What else can they do with "Nexus"?
It's not like half of them can wrestle, or that you'd trust half of them near a mic, so you have to keep them in the same unconvincing attacks where we witness the same tired moves, over, and over again.
All those people who have complained in recent years about John Cena's move set being on the limited side, have you been watching the "Nexus" angle?
Between the six remaining on the show last night, we had a celebrity boyfriend with adequate mic skills and a Justin Gabriel who is having a crisis of confidence over his 450 splash, and not a lot else.
I have to confess I'm actually getting worried about that 450 splash. He's taking longer and longer each time. He's clearly been missing it either in training, or in untelevised events, and the other night he didn't hit it cleanly either.
It was admittedly close, but for anyone who gets an opportunity to see footage from the other angle, as opposed to the broadcast angle, it wasn't perfect, and while no real damage would have been done, on the reverse angle you can see the pained look on Steamboat's face as well as Gabriel clenching his stomach.
You could also see the look on Gabriel's face as he walked away. He was obviously concerned about the fact he hadn't hit it cleanly, which makes me worried that he'll get even more nervous.
The obvious answer is to give him a break from the move or take him out of the angle, but can WWE afford to do that?
They've already lost one member permanently, and the "leader" temporarily. How much weaker can they make the angle?
It's obvious: before the next year or two are over, most of these guys (like the Spirit Squad before them) will be either back in development or off the books, and I do have to wonder whether WWE wouldn't be better off cutting their losses and finding a rapid conclusion to the angle while sending them off early.
Then I look at season two of NXT, and I don't see much more to be enthused about there.
There are a couple of stand-out performers, for that level, most notably Kaval aka Low Ki, but not a lot to write home about.
Interestingly, it was notable that Kaval's finisher wasn't hit perfectly on that show either, which has to be a concern. It left me asking, is this summer madness?
And the Husky Harris V's MVP match was one of the strangest matches I've seen on television for a long time.
I'm used to spotting the occasional signal or whispered direction, but during that match, watching MVP was like watching someone with a cross between Saint Vitus's dance and Tourette syndrome.
I don't know whether Harris has proven difficult to work with, whether he lost the plot in there, or whether MVP just had no faith in the guy. None of those explanations leave me filled to the brim with faith.
I know many will disagree with what I've said here and others may even feel I've been harsh, but personally, between the two series I have only seen a handful of guys who have the potential to make it in this industry. Some of them still need a lot of work and development, but I don't think the NXT format gives them that.
I know the old WWE ECW format wasn't popular, not least because it had nothing to do with the ECW it was named after, but I think people like CM Punk, John Morrison, Swagger, Sheamus, and the Miz showed it was a better environment to develop talent in before moving them onto the main shows.

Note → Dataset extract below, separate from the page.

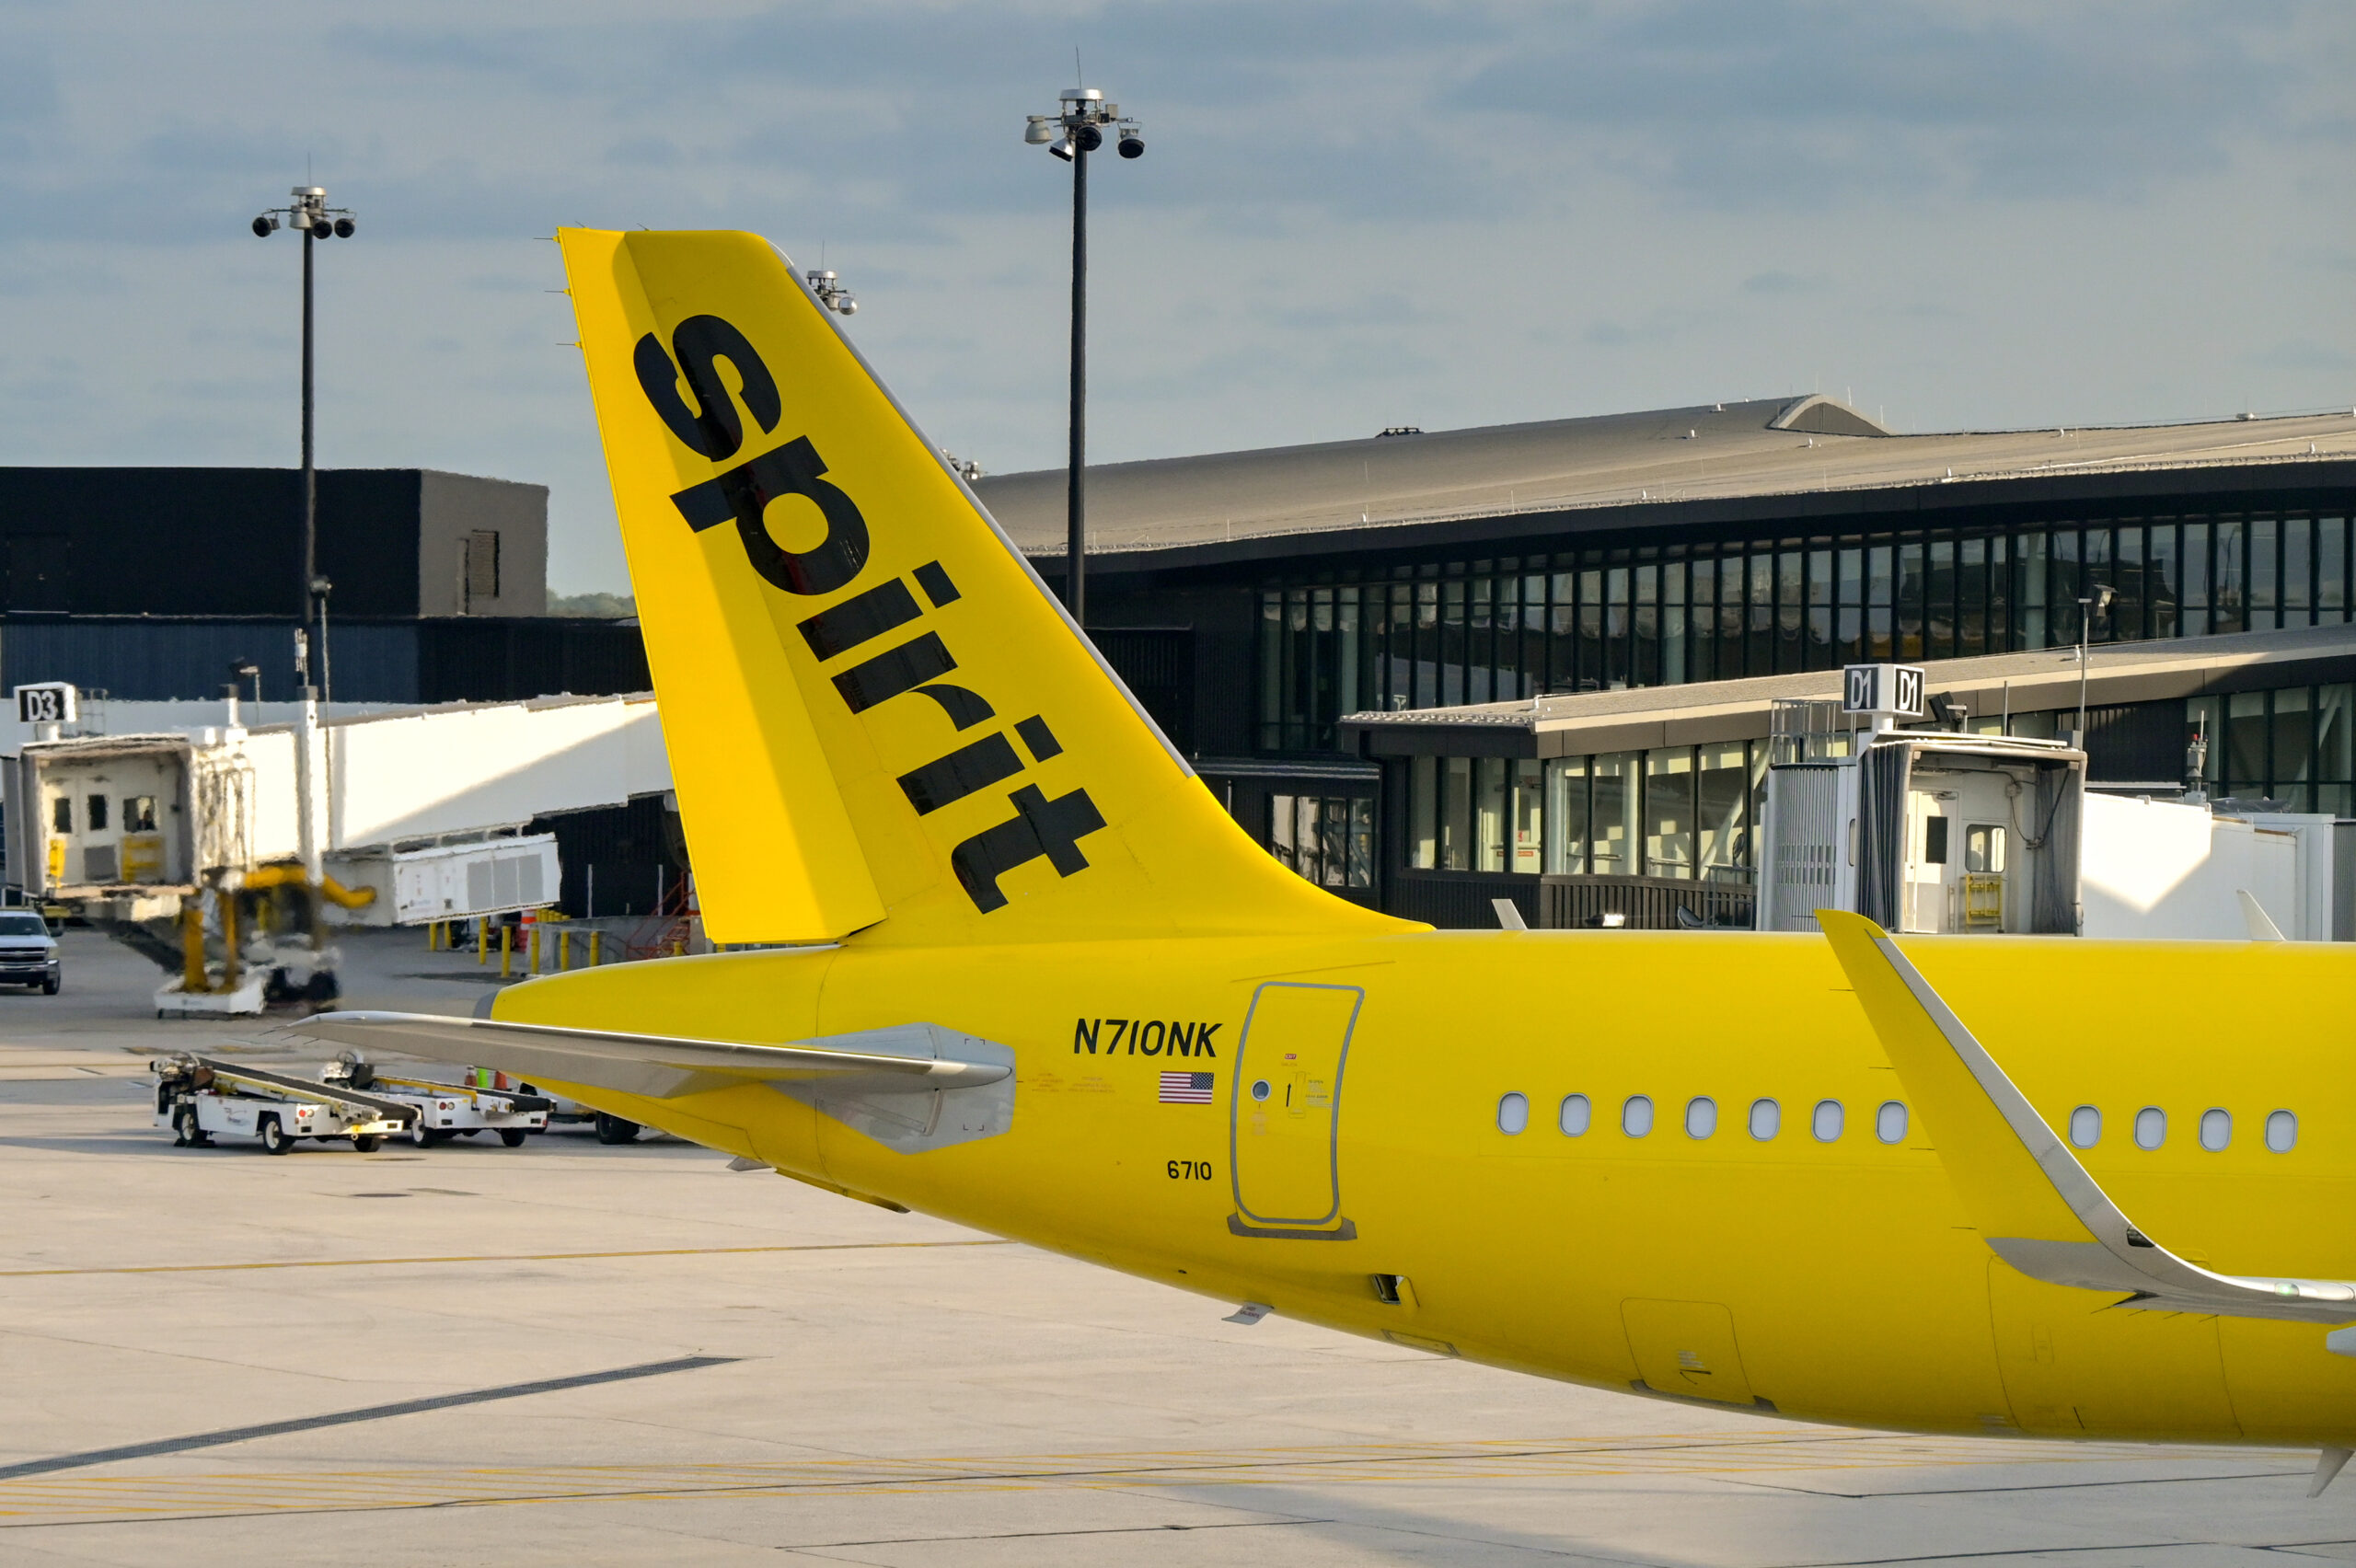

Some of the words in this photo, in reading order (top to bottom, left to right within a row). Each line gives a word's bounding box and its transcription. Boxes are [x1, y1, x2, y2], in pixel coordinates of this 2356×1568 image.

It also gave WWE the luxury of time and the ability to move people when they were ready, and not just when the next series was scheduled to start.
To me NXT seems like a dead end. As the Uso's have already shown, if someones considered to have the talent, they will still be fast tracked, and by pass NXT, and NXT will be padded out with wrestlers who are not going anywhere.
Is that really what fans deserve?
I'd rather watch FCW or a new franchise run along the lines of a proper show than the faux-reality show we've been given.
So what do you think?
NXT a good idea that did not quite work or the best thing since Hornswoggle?